Transcription task. Write out each entry verbatim and exclude any image.

(Beginning of Data to examine)

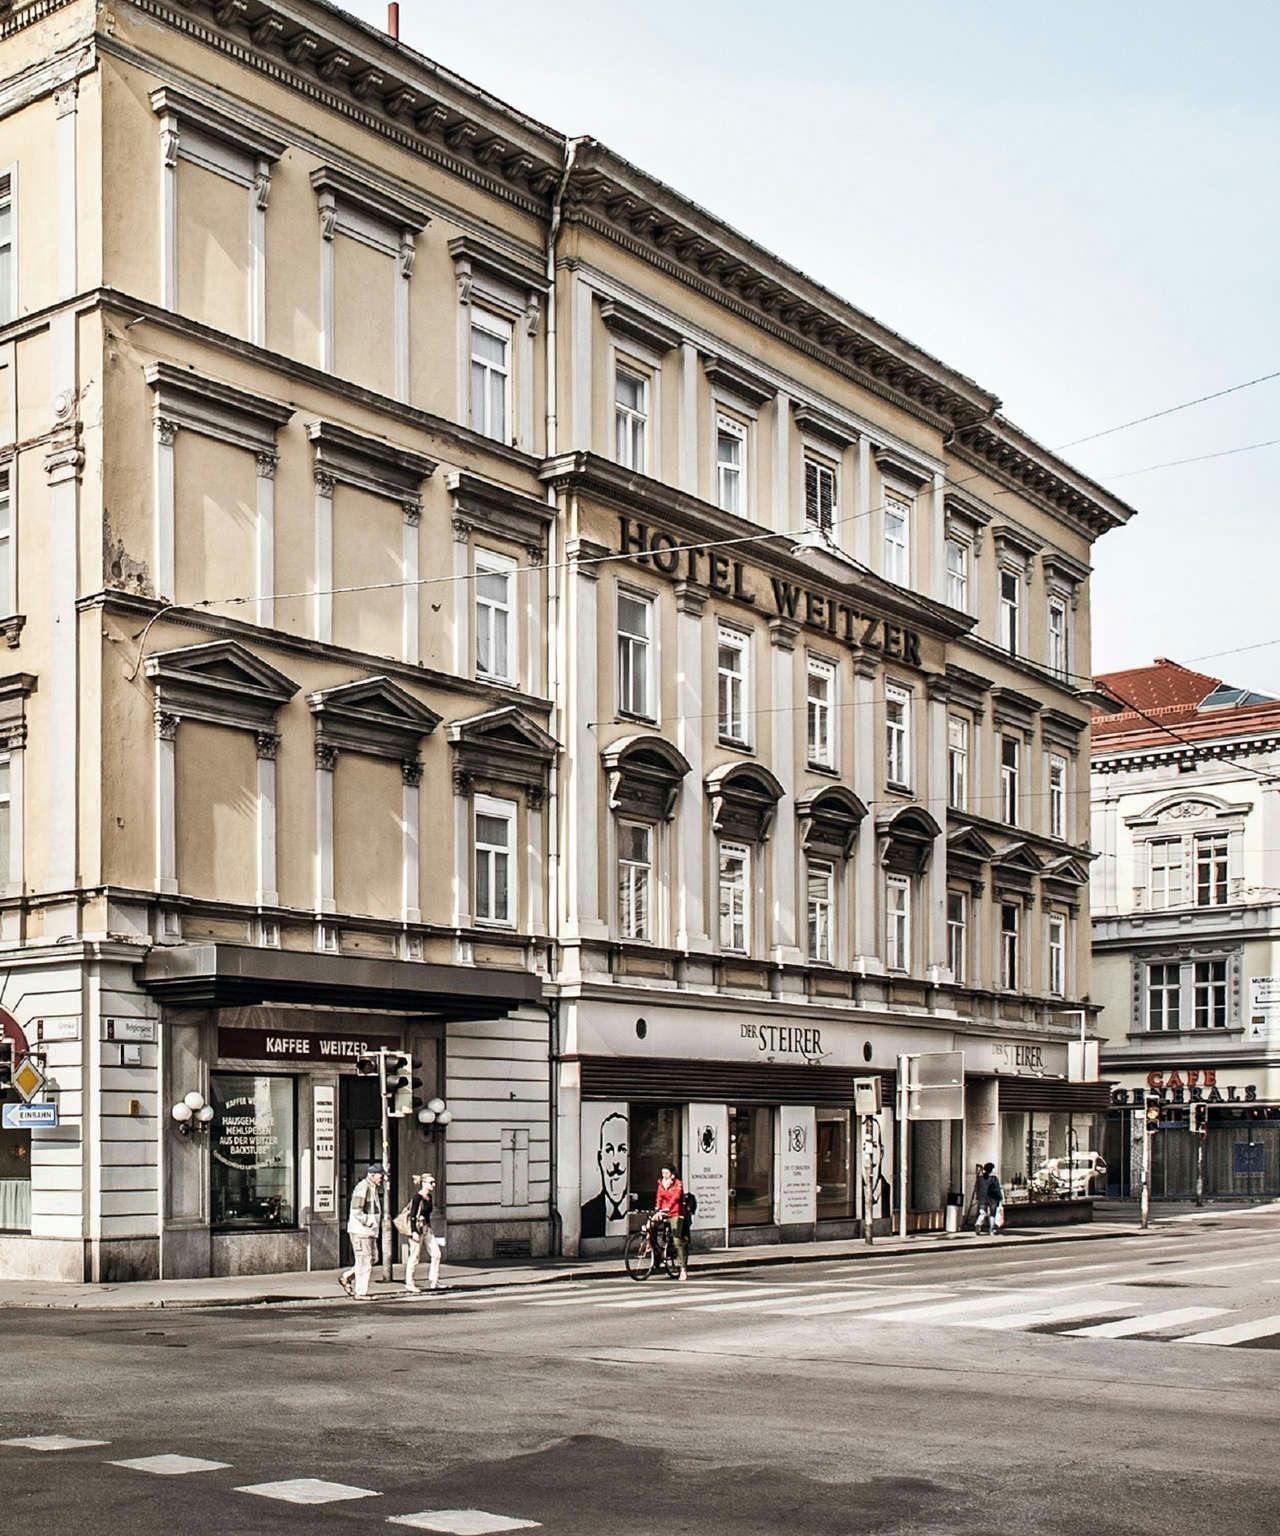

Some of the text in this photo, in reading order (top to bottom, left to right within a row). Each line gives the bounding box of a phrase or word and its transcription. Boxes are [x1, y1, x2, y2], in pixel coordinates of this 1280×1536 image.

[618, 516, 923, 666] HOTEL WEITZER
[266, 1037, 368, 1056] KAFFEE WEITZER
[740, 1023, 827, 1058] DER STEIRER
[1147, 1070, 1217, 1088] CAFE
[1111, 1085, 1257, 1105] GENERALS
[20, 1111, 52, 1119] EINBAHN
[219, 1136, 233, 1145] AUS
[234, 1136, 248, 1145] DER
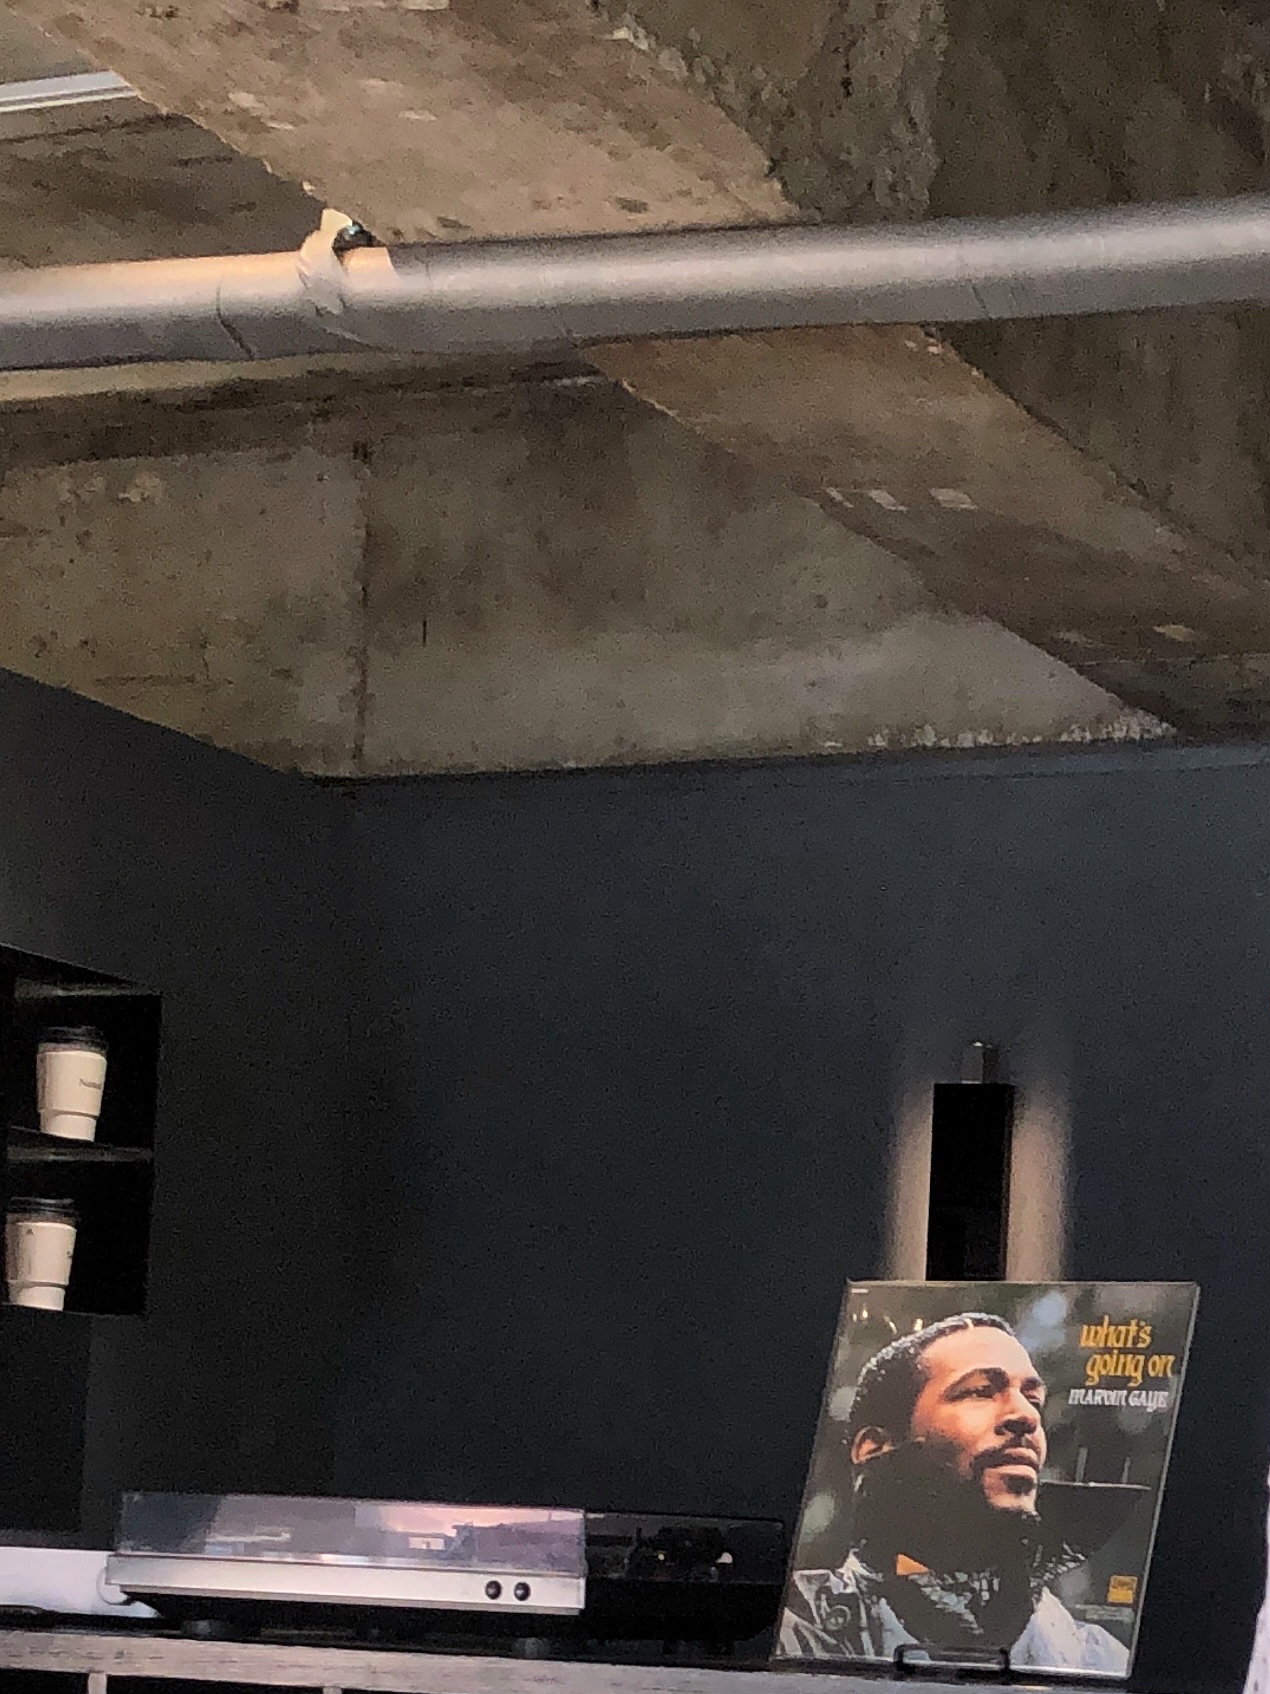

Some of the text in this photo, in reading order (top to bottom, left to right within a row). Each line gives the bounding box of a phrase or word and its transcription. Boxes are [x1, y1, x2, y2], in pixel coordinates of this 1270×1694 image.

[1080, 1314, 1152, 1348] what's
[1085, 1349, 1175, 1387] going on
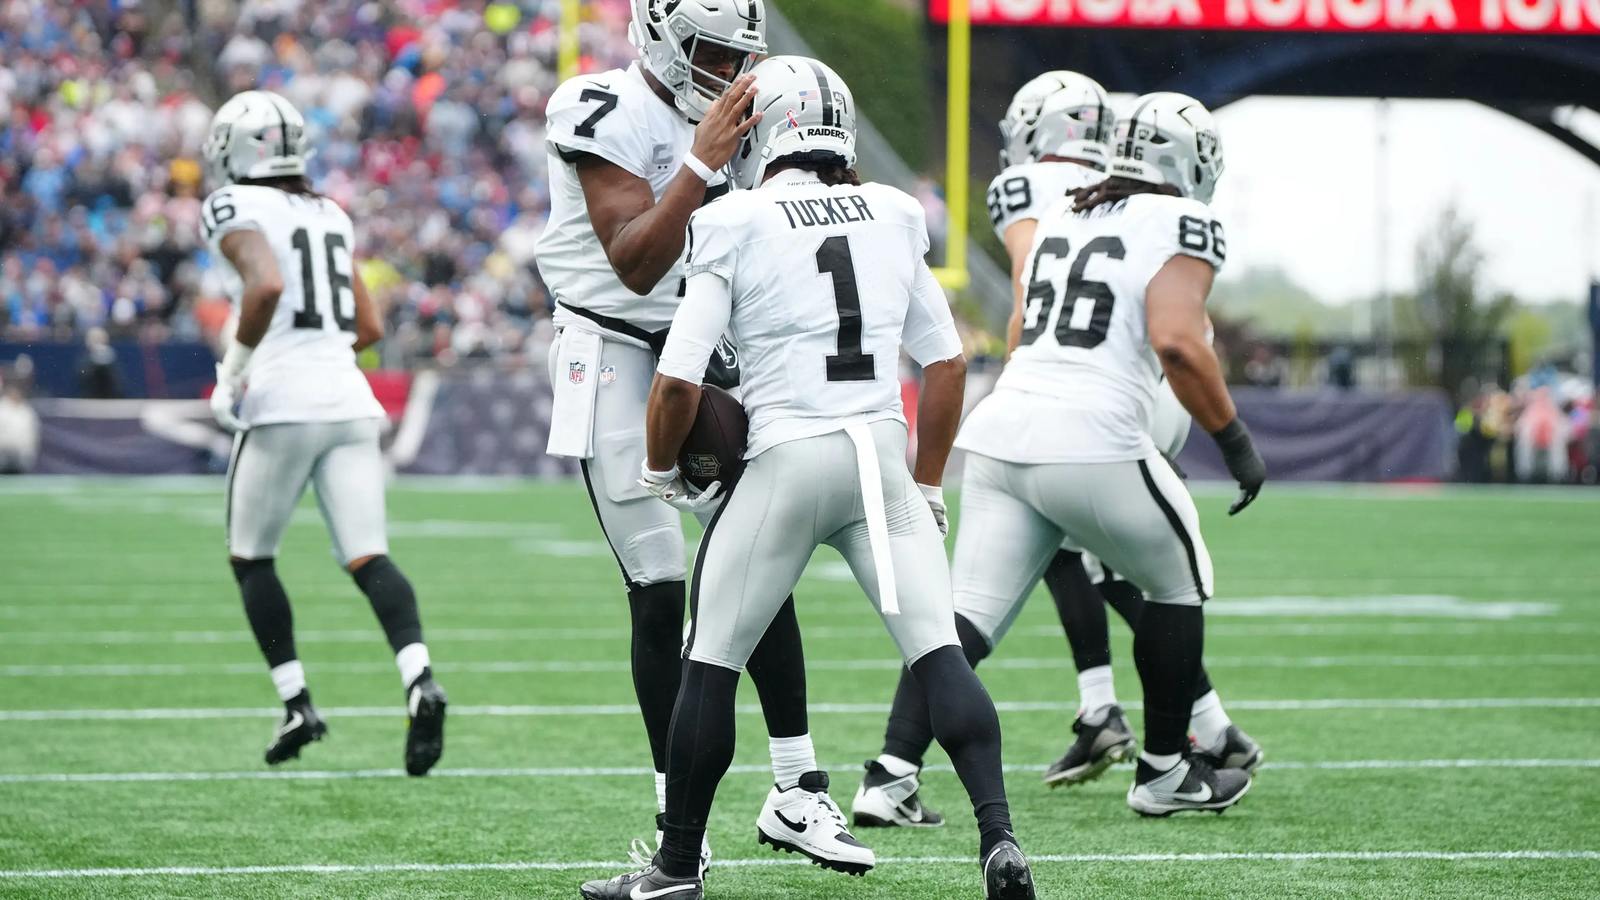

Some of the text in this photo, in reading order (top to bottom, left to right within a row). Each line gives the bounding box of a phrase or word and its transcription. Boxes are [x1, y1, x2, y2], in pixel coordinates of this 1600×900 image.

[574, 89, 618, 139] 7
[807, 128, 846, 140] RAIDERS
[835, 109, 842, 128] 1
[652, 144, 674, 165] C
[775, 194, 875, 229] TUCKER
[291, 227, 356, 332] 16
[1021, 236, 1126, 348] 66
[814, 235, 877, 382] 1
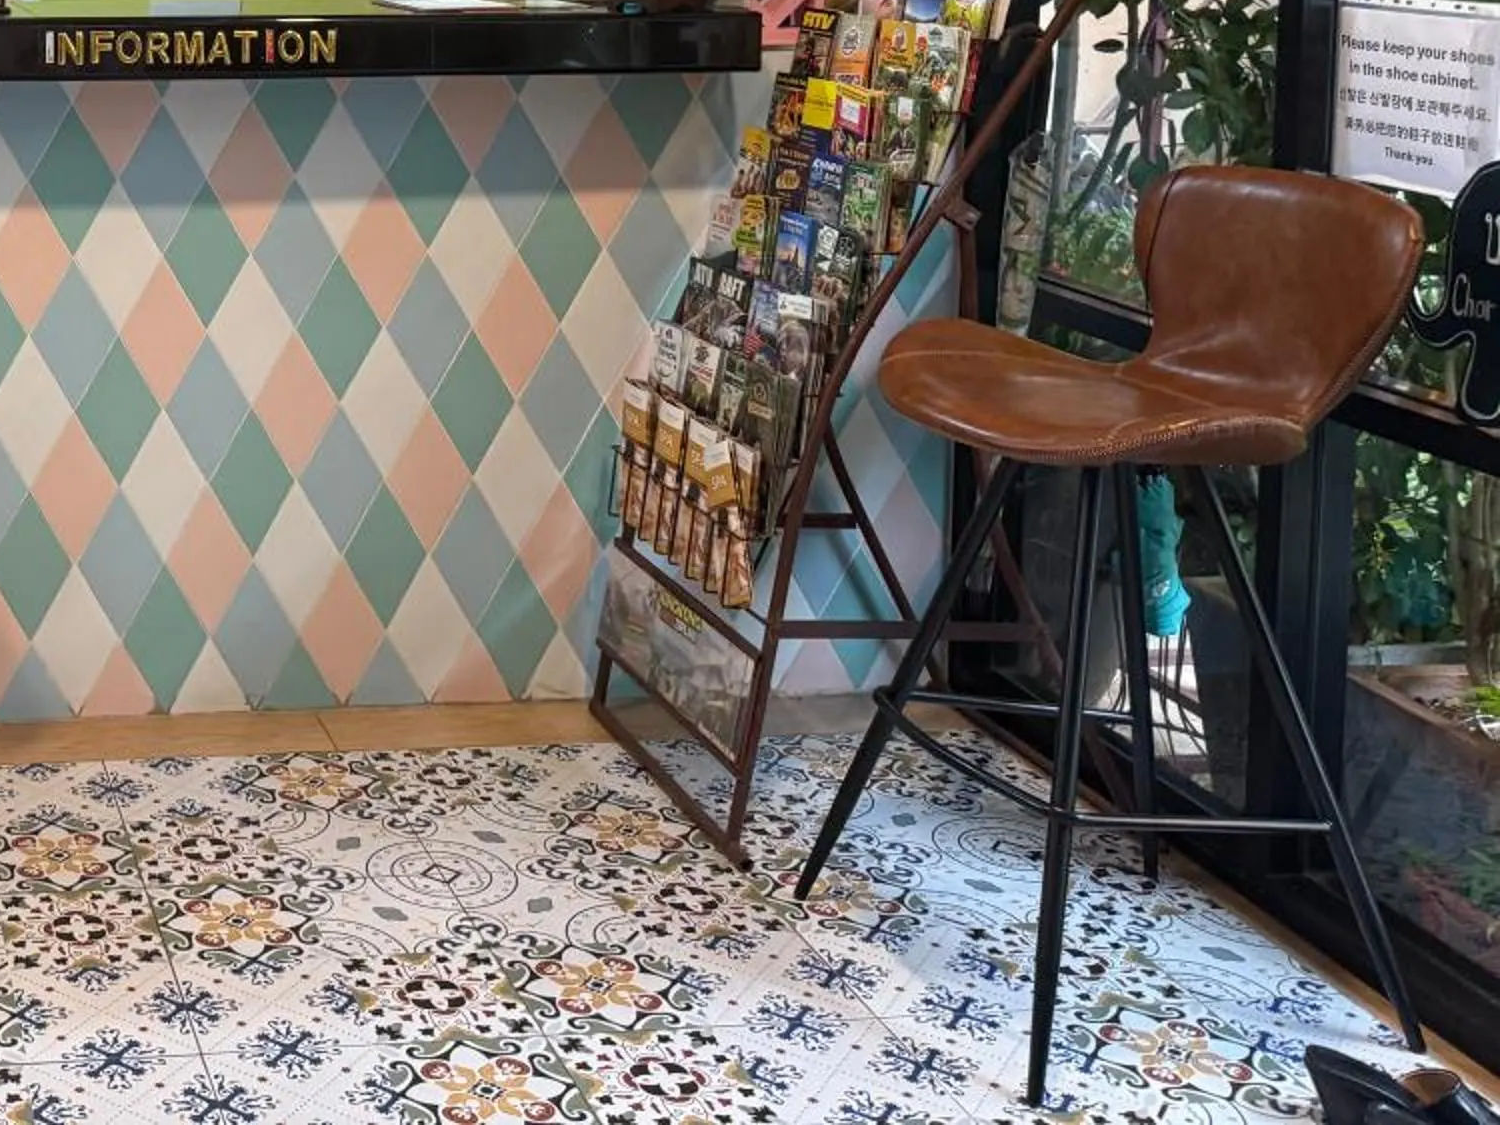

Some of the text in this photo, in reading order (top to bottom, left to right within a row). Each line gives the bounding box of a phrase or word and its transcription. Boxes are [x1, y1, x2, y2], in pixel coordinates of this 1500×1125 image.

(End of Data to examine)

◆ Problem solution:
Some of the text in this photo, in reading order (top to bottom, left to right within a row). Each line gives the bounding box of a phrase or word and its transcription. Boxes are [x1, y1, x2, y2], in pixel coordinates of this 1280×1536 image.

[618, 516, 923, 666] HOTEL WEITZER
[266, 1037, 368, 1056] KAFFEE WEITZER
[740, 1023, 827, 1058] DER STEIRER
[1147, 1070, 1217, 1088] CAFE
[1111, 1085, 1257, 1105] GENERALS
[20, 1111, 52, 1119] EINBAHN
[219, 1136, 233, 1145] AUS
[234, 1136, 248, 1145] DER

Some of the text in this photo, in reading order (top to bottom, left to right within a row). Each line gives the bounding box of a phrase or word and its transcription. Boxes are [x1, y1, x2, y2], in pixel coordinates of this 1270×1694 image.

[1080, 1314, 1152, 1348] what's
[1085, 1349, 1175, 1387] going on

Some of the text in this photo, in reading order (top to bottom, left to right within a row). Each line gives the bounding box of a phrase or word and its transcription. Boxes are [x1, y1, x2, y2], in pixel coordinates of this 1600×900 image.

[574, 89, 618, 139] 7
[807, 128, 846, 140] RAIDERS
[835, 109, 842, 128] 1
[652, 144, 674, 165] C
[775, 194, 875, 229] TUCKER
[291, 227, 356, 332] 16
[1021, 236, 1126, 348] 66
[814, 235, 877, 382] 1

Some of the text in this photo, in reading order (top to bottom, left to right within a row). Each line gives the bounding box of a phrase or word and its transcription. Boxes are [x1, y1, x2, y2], in pixel coordinates of this 1500×1125 image.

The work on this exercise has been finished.